● **THE TASK**
Work out how many lines in the records contain the word "bounding", and give that number alone.

(Free-text object descriptions)
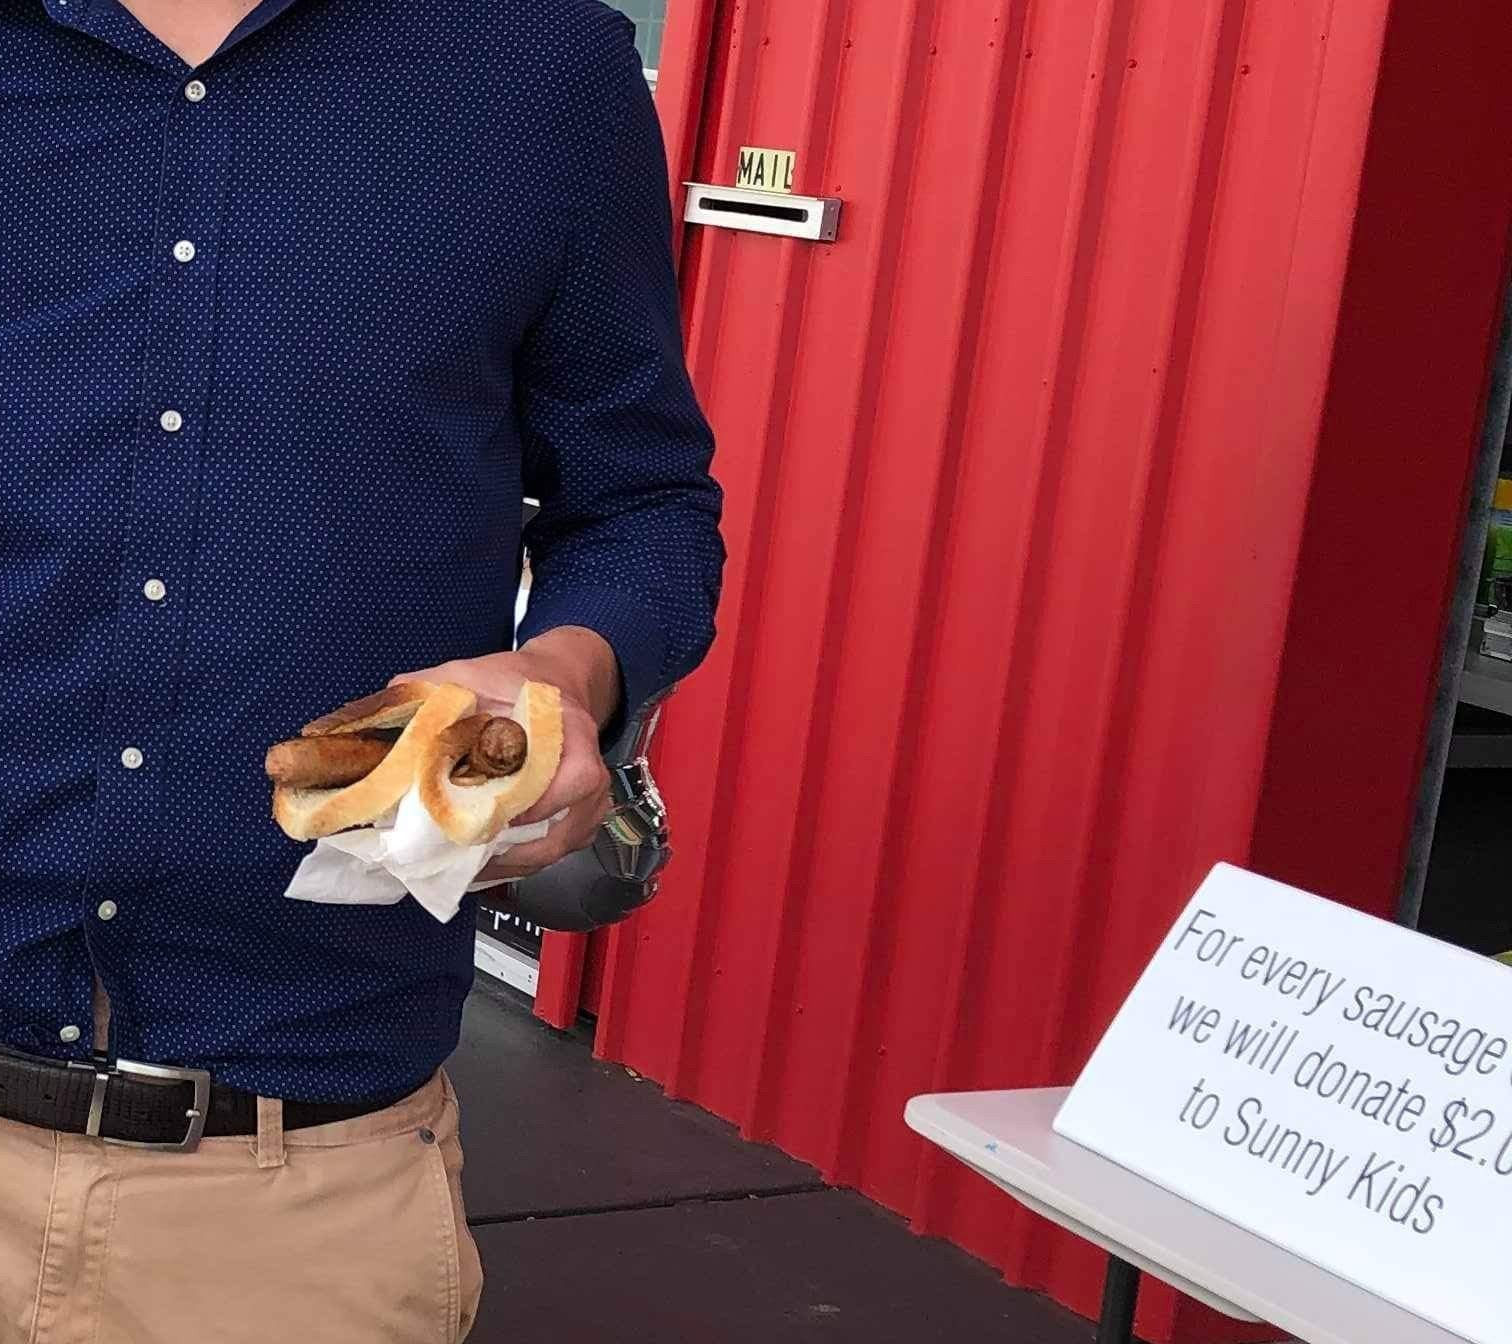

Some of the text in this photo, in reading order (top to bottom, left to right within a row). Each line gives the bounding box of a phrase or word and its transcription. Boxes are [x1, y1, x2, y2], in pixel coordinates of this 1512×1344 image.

[738, 151, 792, 189] MAIL
[1167, 995, 1221, 1044] we
[1223, 1019, 1299, 1075] will
[1292, 1043, 1427, 1133] donate
[1173, 908, 1508, 1076] For every sausage
[1178, 1077, 1445, 1234] to Sunny Kids
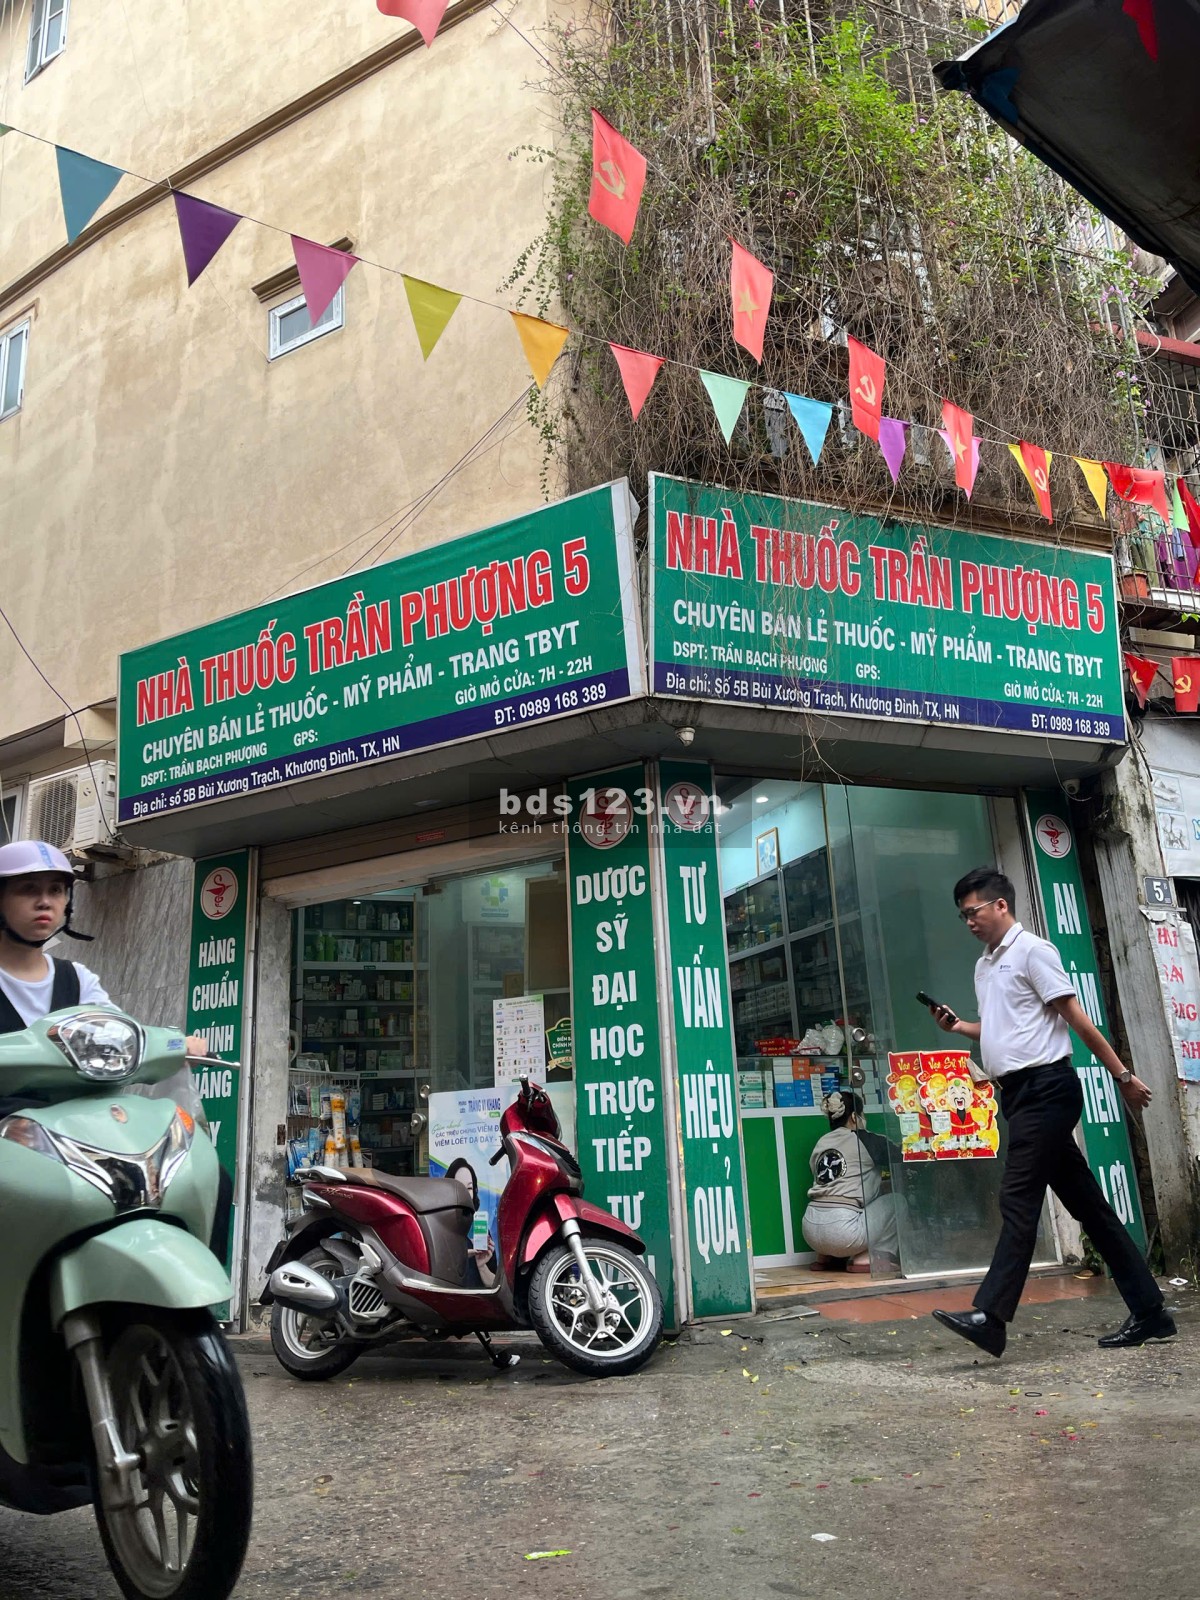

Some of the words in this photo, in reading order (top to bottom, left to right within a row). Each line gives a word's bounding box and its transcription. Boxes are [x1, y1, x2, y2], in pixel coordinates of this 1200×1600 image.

[666, 507, 744, 580] NHÀ
[750, 519, 861, 597] THUỐC
[868, 535, 954, 610] TRẦN
[959, 560, 1081, 636] PHƯỢNG
[1085, 582, 1105, 634] 5
[136, 656, 194, 727] NHÀ
[200, 619, 297, 706] THUỐC
[303, 590, 392, 675] TRẦN
[400, 549, 554, 647] PHƯỢNG
[562, 536, 590, 597] 5
[673, 599, 755, 634] CHUYÊN
[761, 607, 800, 640] BÁN
[807, 609, 827, 642] LẺ
[833, 616, 895, 651] THUỐC
[910, 627, 937, 656] MỸ
[943, 625, 992, 664] PHẨM
[1005, 644, 1061, 673] TRANG
[1065, 652, 1103, 679] TBYT
[455, 682, 477, 705] GIỜ
[480, 674, 500, 699] MỞ
[504, 667, 535, 693] CỬA:
[538, 665, 556, 684] 7H
[566, 655, 593, 676] 22H
[673, 641, 708, 660] DSPT:
[711, 641, 743, 664] TRẦN
[745, 650, 777, 670] BẠCH
[780, 653, 827, 676] PHƯỢNG
[856, 663, 880, 680] GPS:
[143, 726, 204, 764] CHUYÊN
[208, 716, 241, 746] BÁN
[246, 702, 265, 736] LẺ
[269, 685, 328, 729] THUỐC
[343, 674, 371, 708] MỸ
[377, 653, 433, 699] PHẨM
[449, 638, 520, 679] TRANG
[525, 620, 580, 657] TBYT
[494, 706, 516, 725] ĐT:
[519, 697, 550, 718] 0989
[554, 689, 578, 710] 168
[582, 682, 607, 703] 389
[666, 672, 685, 694] Địa
[689, 673, 711, 693] chỉ:
[714, 675, 731, 695] Số
[733, 680, 749, 697] 5B
[752, 681, 771, 699] Bùi
[774, 684, 810, 707] Xương
[813, 688, 847, 710] Trạch,
[850, 693, 892, 716] Khương
[894, 697, 922, 717] Đình,
[925, 700, 942, 720] TX,
[944, 704, 960, 720] HN
[1004, 679, 1021, 698] GIỜ
[1024, 681, 1040, 701] MỞ
[1042, 682, 1064, 704] CỬA:
[1067, 691, 1079, 705] 7H
[1086, 694, 1103, 708] 22H
[293, 729, 319, 747] GPS:
[1032, 713, 1048, 730] ĐT:
[1050, 716, 1072, 732] 0989
[1075, 718, 1091, 735] 168
[1094, 720, 1110, 736] 389
[133, 801, 148, 817] Địa
[150, 792, 167, 813] chỉ:
[169, 788, 181, 807] số
[183, 789, 196, 803] 5B
[198, 785, 215, 800] Bùi
[216, 777, 249, 797] Xương
[250, 767, 283, 788] Trạch,
[285, 758, 327, 776] Khương
[329, 749, 358, 766] Đình,
[360, 741, 379, 758] TX,
[382, 735, 400, 753] HN
[141, 769, 167, 788] DSPT:
[169, 758, 194, 780] TRẦN
[196, 752, 223, 775] BẠCH
[225, 742, 267, 764] PHƯỢNG
[576, 865, 646, 906] DƯỢC
[679, 861, 707, 925] TƯ
[1053, 883, 1082, 934] AN
[198, 936, 236, 968] HÀNG
[596, 912, 629, 953] SỸ
[192, 971, 238, 1012] CHUẨN
[592, 970, 637, 1011] ĐẠI
[677, 944, 724, 1028] VẤN
[1066, 961, 1103, 1026] ÂM
[590, 1023, 645, 1066] HỌC
[584, 1076, 655, 1121] TRỰC
[682, 1059, 733, 1154] HIỆU
[1076, 1053, 1120, 1137] TIỆN
[592, 1124, 651, 1172] TIẾP
[607, 1191, 645, 1230] TƯ
[694, 1156, 741, 1265] QUẢ

● **ANSWER FOR THE TASK**
2